Input: ([[2, 0, 0, 0], [2, 4, 0, 0], [4, 4, 2, 0], [0, 0, 2, 8]], 'up')
Expected Output: [[4, 8, 4, 8], [4, 0, 0, 0], [0, 0, 0, 0], [0, 0, 0, 0]]
Explanation: Up collapses each column toward the top. col0 [2,2,4,0]->[4,4,0,0]; col1 [0,4,4,0]->[8,0,0,0]; col2 [0,0,2,2]->[4,0,0,0]; col3 [0,0,0,8]->[8,0,0,0]. Reassembled by rows.
Input: ([[2, 0, 0, 0], [2, 4, 0, 0], [4, 4, 2, 0], [0, 0, 2, 8]], 'down')
Expected Output: [[0, 0, 0, 0], [0, 0, 0, 0], [4, 0, 0, 0], [4, 8, 4, 8]]

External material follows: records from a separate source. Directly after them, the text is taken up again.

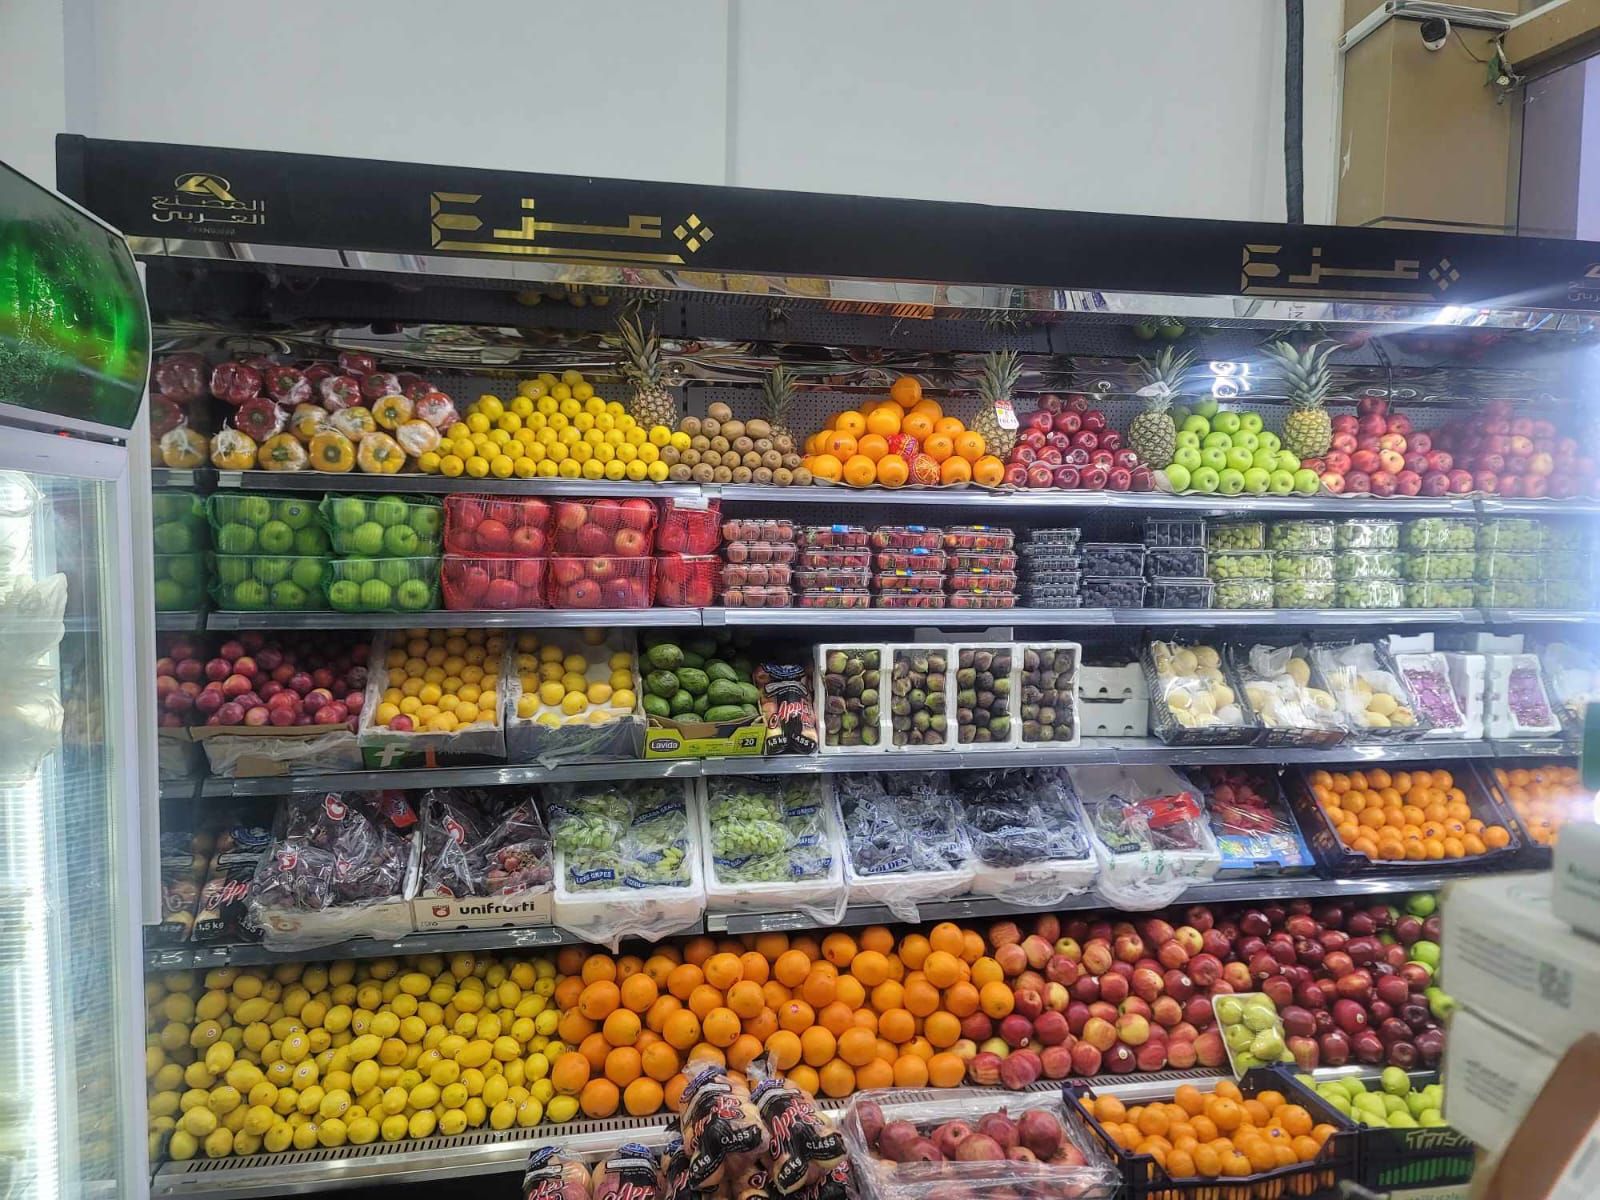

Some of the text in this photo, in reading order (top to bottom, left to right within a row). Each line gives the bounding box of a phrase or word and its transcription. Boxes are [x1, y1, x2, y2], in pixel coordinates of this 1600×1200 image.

[651, 741, 678, 749] Lavida
[744, 738, 754, 746] 20
[805, 1136, 837, 1150] CLASS
[697, 1154, 711, 1168] kg
[789, 1157, 803, 1170] kg

Explanation: Same board moved down: each column collapses toward the bottom, so the merged tiles settle in the last rows — the mirror of the 'up' result.
Input: ([[5]], 'left')
Expected Output: [[5]]
Explanation: Edge case n = 1: a single cell cannot slide or merge, so the board is unchanged regardless of direction (value need not be a power of two).
Input: ([[0, 0, 0, 0]], 'left')
Expected Output: [[0, 0, 0, 0]]
Explanation: All-zero line: compacting yields an empty list, padded back to all zeros — nothing moves.

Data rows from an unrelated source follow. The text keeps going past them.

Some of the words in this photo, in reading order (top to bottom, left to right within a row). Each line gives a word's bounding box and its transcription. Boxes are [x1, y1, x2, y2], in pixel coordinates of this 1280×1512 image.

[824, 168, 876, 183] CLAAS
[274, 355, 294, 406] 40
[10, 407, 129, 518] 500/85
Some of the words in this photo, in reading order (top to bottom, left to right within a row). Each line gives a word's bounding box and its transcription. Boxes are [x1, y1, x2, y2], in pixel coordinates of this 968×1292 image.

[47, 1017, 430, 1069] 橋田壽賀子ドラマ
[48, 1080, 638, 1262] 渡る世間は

Input: ([[2, 4, 8, 16], [4, 8, 16, 32]], 'left')
Expected Output: [[2, 4, 8, 16], [4, 8, 16, 32]]
Explanation: No two adjacent tiles are equal and there are no gaps, so a left move leaves the board untouched (also shows a non-square 2x4 grid works).

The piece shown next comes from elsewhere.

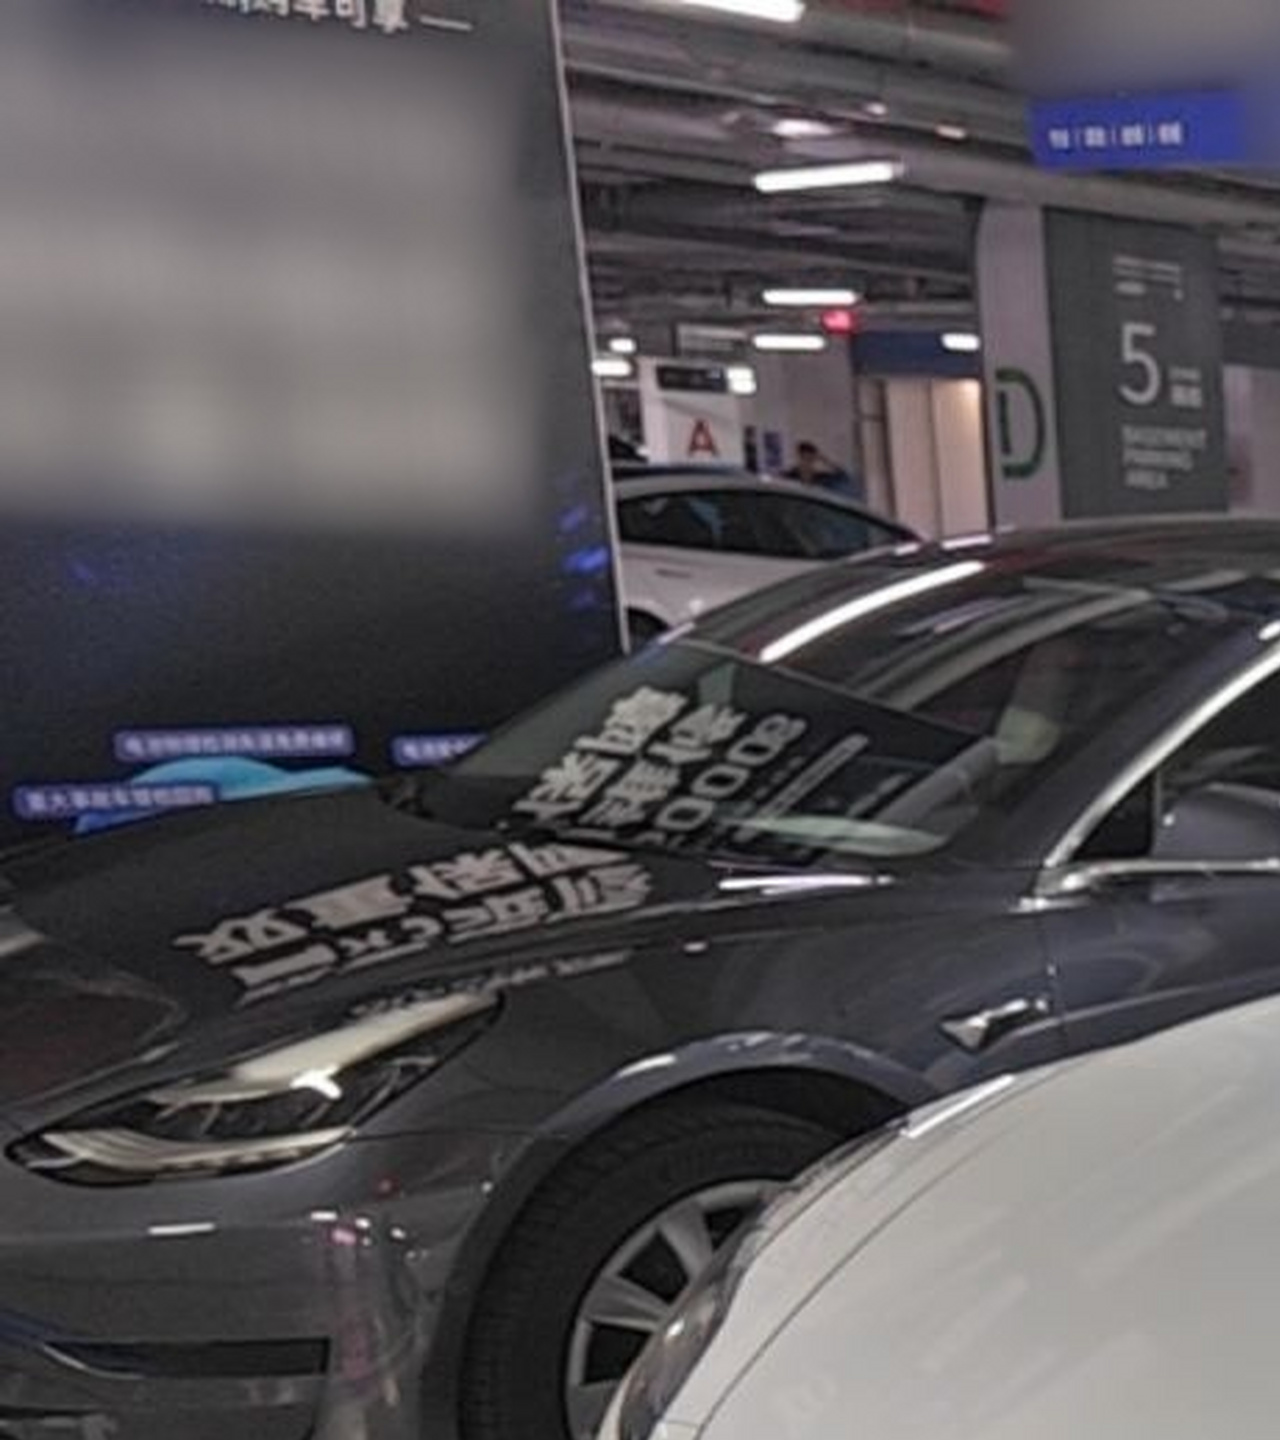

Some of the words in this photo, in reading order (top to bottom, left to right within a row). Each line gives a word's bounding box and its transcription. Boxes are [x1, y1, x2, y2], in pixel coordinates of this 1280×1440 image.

[1119, 321, 1162, 405] 5
[687, 418, 719, 458] A
[994, 367, 1046, 480] D

Input: ([[2, 2, 2, 2, 2]], 'left')
Expected Output: [[4, 4, 2, 0, 0]]
Explanation: Odd-length line of five 2s: merge the first pair (4), the next pair (4), and the lone trailing 2 stays — [4,4,2,0,0]. Confirms 'at most one merge per tile' on an odd count.
Hints
- Every move is the same 1-D collapse applied to each row or column. Write 'collapse one line toward index 0' once, then transform the board so the chosen direction becomes 'left'.
- Collapse a single line in two passes to avoid double-merging: (1) drop all zeros so nonzero values pack to the front, then (2) scan front-to-back merging line[i] == line[i+1] into 2*line[i] and skipping the next index. The skip is what enforces 'at most one merge per tile'.
- left = the line function directly; right = reverse each row, collapse, reverse back; up/down = transpose so columns become rows (down also reverses), collapse, then transpose back. This keeps all merge correctness in exactly one place.